I'm in Chingford East London. Pressing the WOT switch,do you mean the metal strip on the side? If it is , it had no effect.
Okay so I take that back about the WOT switch I need to check it again. Going to have to wait till Friday now, working tomorrow. Thanks for your help and patience so far guys.
the WOT switch is the one on top, if you manually pull your throttle all the way open it should click, you just need to press this switch manually when the revs are held at around 1200-1300 to see if anything happens. if nothing happens, then you have a wiring issue to the ecu, if the idle drops a bit then raises again when released you know wiring is all fine. This wont tell you if the idle switch is working mind, to check that you need to check across the throttle body plug with a multimeter then open and close the throttle, it should go closed circuit when shut, open when the throttle is opened off the stop (and closed circuit again when at wide open throttle) another thign to check is if your isv is buzzing/vibrating with just the ignition on, if not check the wiring to it.
If the WOT switch is meant to dip the revs when the engine is cold, its not working. I haven't had an opportunity to try it warm , family emergency. I don't have a multimeter , I think I'll nip round to the local garage when I'm able. The ISV is buzzing. Is it likely to be the wiring to the WOT and not the switch itself? Do you have to take off the throttle housing to gain access to the switches for rewiring?

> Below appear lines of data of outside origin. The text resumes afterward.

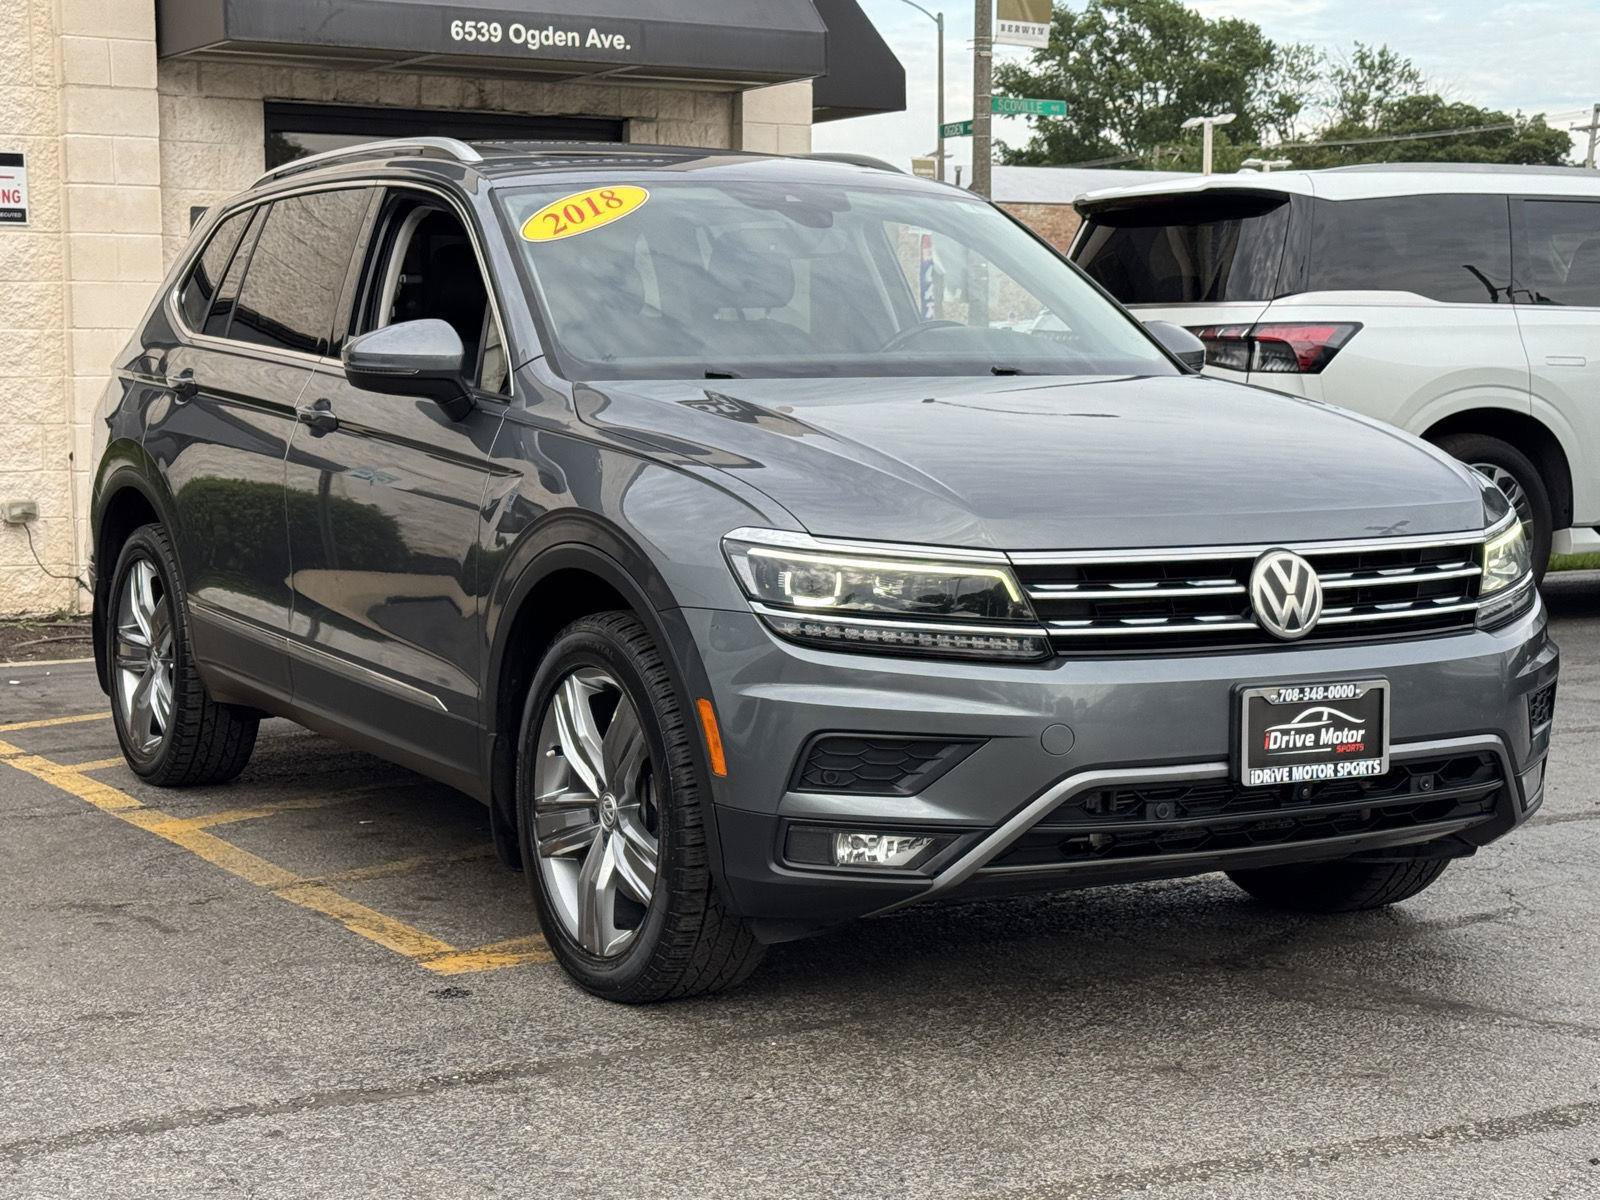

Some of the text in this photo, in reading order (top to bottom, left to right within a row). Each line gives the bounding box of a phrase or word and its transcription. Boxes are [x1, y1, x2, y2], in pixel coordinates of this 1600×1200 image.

[450, 20, 631, 50] 6539 Ogden Ave.
[542, 190, 624, 236] 2018
[1279, 685, 1354, 702] 708-348-0000
[1264, 727, 1366, 750] iDrive Motor
[1336, 743, 1365, 753] SPORTS
[1292, 764, 1334, 781] MOTOR
[1337, 760, 1380, 777] SPORTS

The wot switch only does something when the throttle is pinned, it shouldn't affect idling. Unless the switch is making a contact ALL the time. I can't remember if you can disconnect the wot switch easily on its own. If you get any cheap multimeter with continuity tester on it, we'll all happily explain how to check basic stuff. Maybe ask the mechanic what else he adjusted, in case he played with the mixture screw at the metering flap in the air filter box, or the spring in the metering flap unit itself.

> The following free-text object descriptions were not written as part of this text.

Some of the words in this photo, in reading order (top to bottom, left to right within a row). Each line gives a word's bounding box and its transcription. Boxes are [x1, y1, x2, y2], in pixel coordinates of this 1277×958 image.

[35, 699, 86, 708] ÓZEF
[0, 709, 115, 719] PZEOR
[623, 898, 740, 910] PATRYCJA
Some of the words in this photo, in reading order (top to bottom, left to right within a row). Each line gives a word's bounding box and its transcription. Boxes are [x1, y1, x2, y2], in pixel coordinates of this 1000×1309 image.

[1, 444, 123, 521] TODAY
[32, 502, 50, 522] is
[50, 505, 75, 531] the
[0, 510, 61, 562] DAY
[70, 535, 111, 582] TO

the WOT switch and idle switch are both connected together, hence if you press iWOT switch with engine at around 1200-1500ish rpm the ecu will think the idle switch is pressed if you find the 2 pin plug on the back of the throttle body and loop a wire between the 2 pins this will simulate the WOT/idle switch being pressed. if doing so causes idle to drop as per my test above then you know ecu wiring is all good, issuer is with the idle switch. if no change then its ecu wiring or other issue causing your problem. as for getting to the switches if you remove the rubber boot and have an angle head ratchet you can just about get to the screws holding the idle switch on. fiddly but doable, or you can just remove the 4 allen head screws to remove the throttle body complete whatever is easier for you. probably want to source a replacement throttle body gasket mind! good time to give the tb a damn good clean, and poke down all the fpr vacuum port to make sure it's not clogged etc.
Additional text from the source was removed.